Structural basis for ESCRT-III protein autoinhibition

Abstract

ESCRT-III proteins play important roles in multivesicular body (MVB) formation, cytokinesis, and enveloped virus budding. The structure of Ist1, which also functions in cytokinesis and MVB sorting, reveals that it, too, is an ESCRT-III family member and suggests that this protein family uses a common mode of autoinhibition. Endosomal sorting complexes required for transport-III (ESCRT-III) subunits cycle between two states: soluble monomers and higher-order assemblies that bind and remodel membranes during endosomal vesicle formation, midbody abscission and enveloped virus budding. Here we show that the N-terminal core domains of increased sodium tolerance-1 (IST1) and charged multivesicular body protein-3 (CHMP3) form equivalent four-helix bundles, revealing that IST1 is a previously unrecognized ESCRT-III family member.

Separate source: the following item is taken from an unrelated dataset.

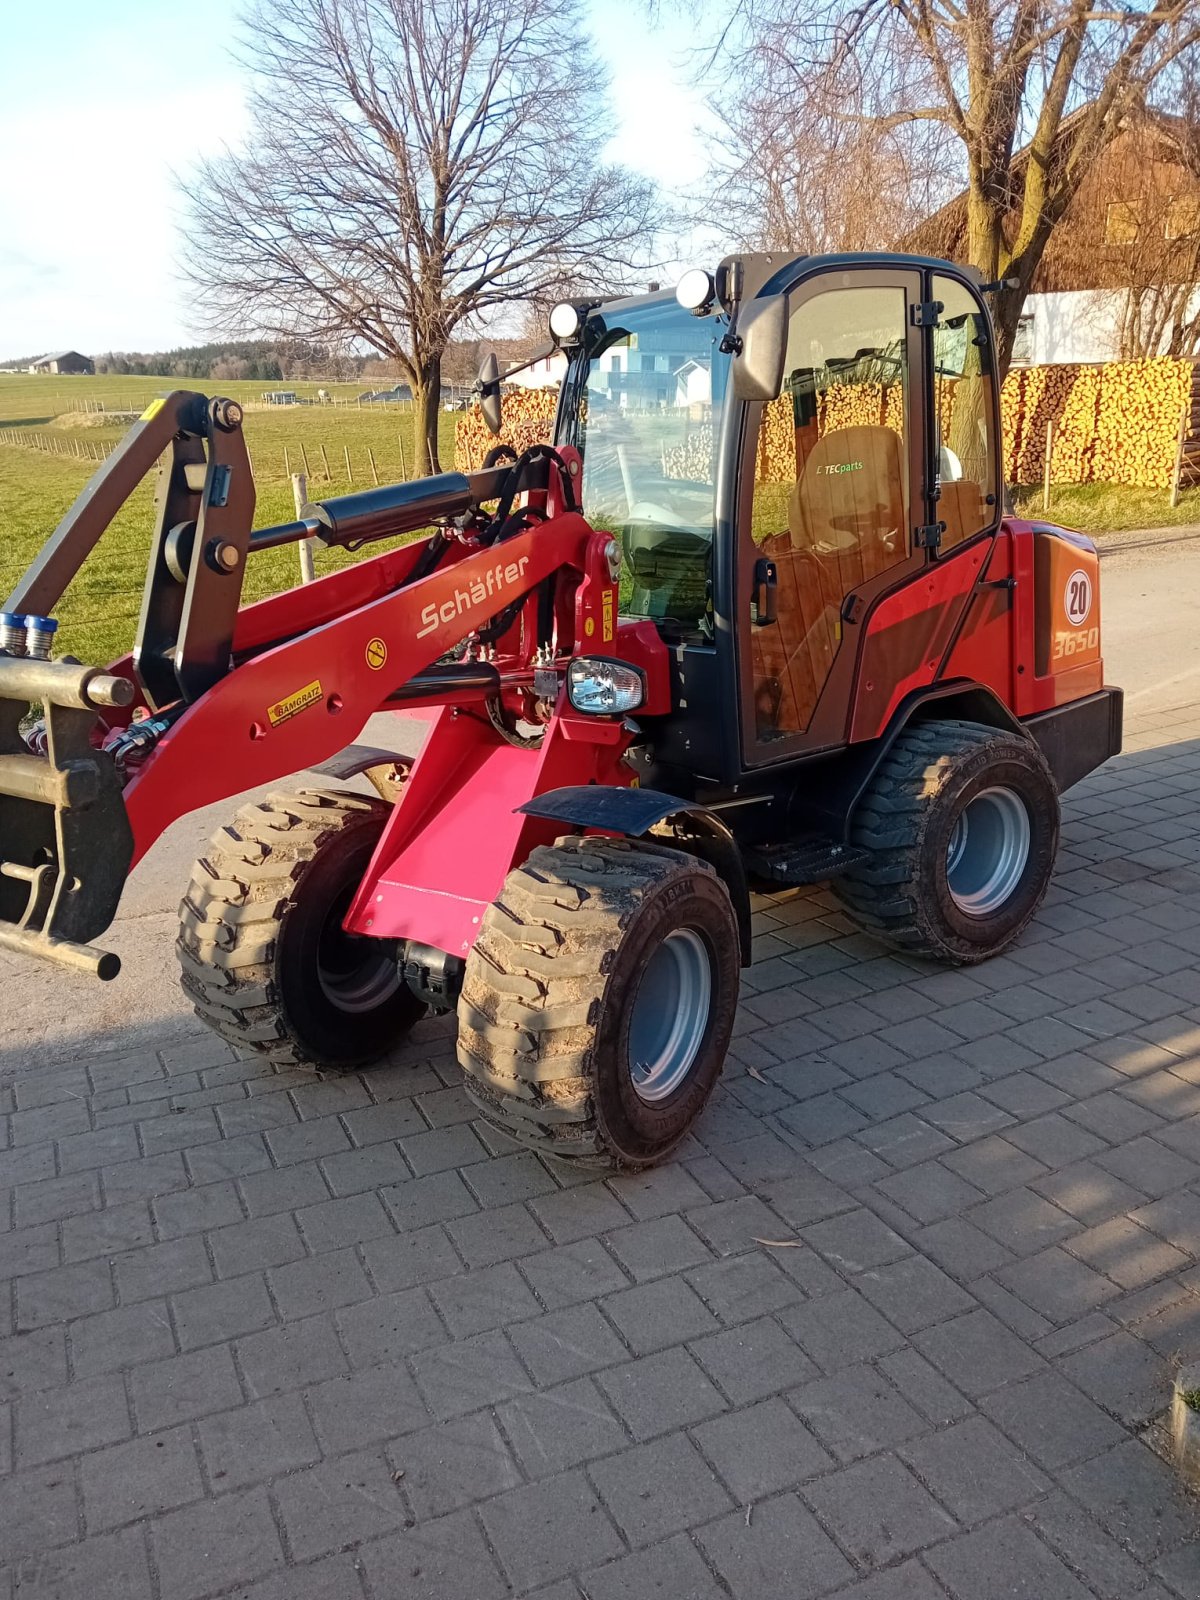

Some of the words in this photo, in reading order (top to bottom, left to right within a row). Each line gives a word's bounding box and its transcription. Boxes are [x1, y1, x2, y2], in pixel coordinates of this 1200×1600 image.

[825, 461, 863, 475] TECparts
[416, 556, 529, 639] Schäffer
[1070, 580, 1087, 615] 20
[1053, 626, 1099, 660] 3650

IST1 and its ESCRT-III binding partner, CHMP1B, both form higher-order helical structures in vitro, and IST1-CHMP1 interactions are required for abscission. The IST1 and CHMP3 structures also reveal that equivalent downstream α5 helices can fold back against the core domains. Mutations within the CHMP3 core–α5 interface stimulate the protein's in vitro assembly and HIV-inhibition activities, indicating that dissociation of the autoinhibitory α5 helix from the core activates ESCRT-III proteins for assembly at membranes.